Anche se, come si è cercato di dimostrare nei primi capitoli di questo lavoro di tesi nel tentativo di coniugare la teoria delle professioni sociali con la produzione normativa e formativa delle diverse regioni, non esiste ad oggi un univoco sistema classificatorio delle diverse professioni e occupazioni che lavorano nel sociale, si auspica che una prima ipotesi classificatoria venga presto proposta dal Ministero e dalle Regioni in modo tale da poter costruire a livello nazionale un unico sistema di professioni sociali che siano confrontabili nei diversi territori regionali. Per fare questo saranno da concordare modalità condivise di conteggio degli operatori sociali che
riducano le attuali disomogeneità di calcolo (numero assoluto di operatori rispetto al numero equivalente di operatori; conteggio per servizio o per ente/organizzazione) e affrontino il problema delle doppie contabilità. Per questo lo sviluppo dei sistemi informativi sulle professioni ed occupazioni nel sociale dovrebbe avere come caratteristica fondamentale il fatto di essere centrato sui singoli operatori (ovvero l’unità di riferimento dovrebbe essere l’individuo singolo e non, come accade oggi, l’organizzazione/il servizio) in maniera da evitare il problema delle cosiddette “doppie contabilità” che rischia di condizionare pesantemente la produzione di stime puntuali sul numero di operatori presenti nei servizi.
In modo del tutto analogo dovranno essere definite in maniera condivisa quali variabili rilevare sugli operatori sociali e le relative modalità di codifica delle informazioni con l’evidente obiettivo di favorire i confronti interregionali (es. genere, orario di lavoro, tipologia di contratto).

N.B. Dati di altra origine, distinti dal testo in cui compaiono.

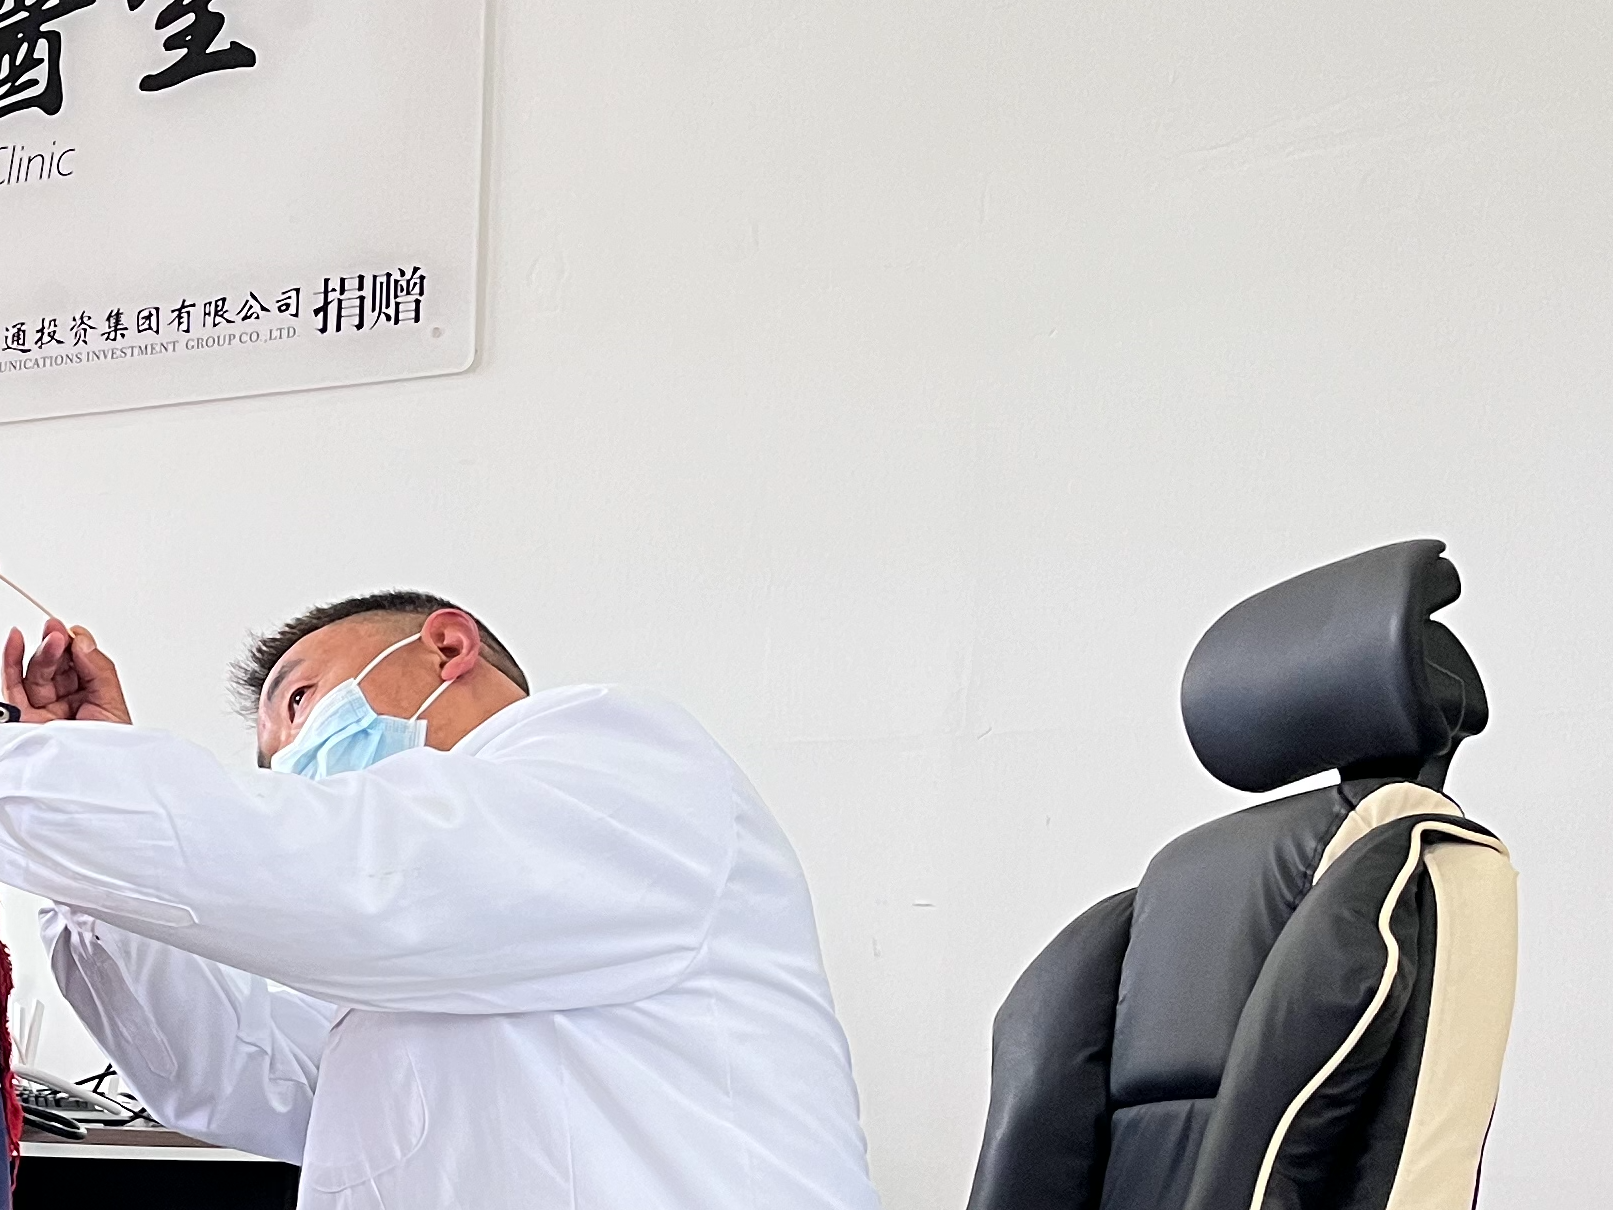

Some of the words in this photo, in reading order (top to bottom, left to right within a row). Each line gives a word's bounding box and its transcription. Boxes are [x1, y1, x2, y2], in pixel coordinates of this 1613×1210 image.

Tutto questo potrebbe sostenere ed aiutare a censire le diverse occupazioni e le professioni impiegate nel settore dei servizi sociali nelle varie regioni. Come abbiamo già accennato, alcune di queste professioni godono già di un riconoscimento formale mentre altre, pur traendo origini da bisogni concreti della popolazione e delle comunità, non sono ancora state definite in modo omogeneo a livello nazionale.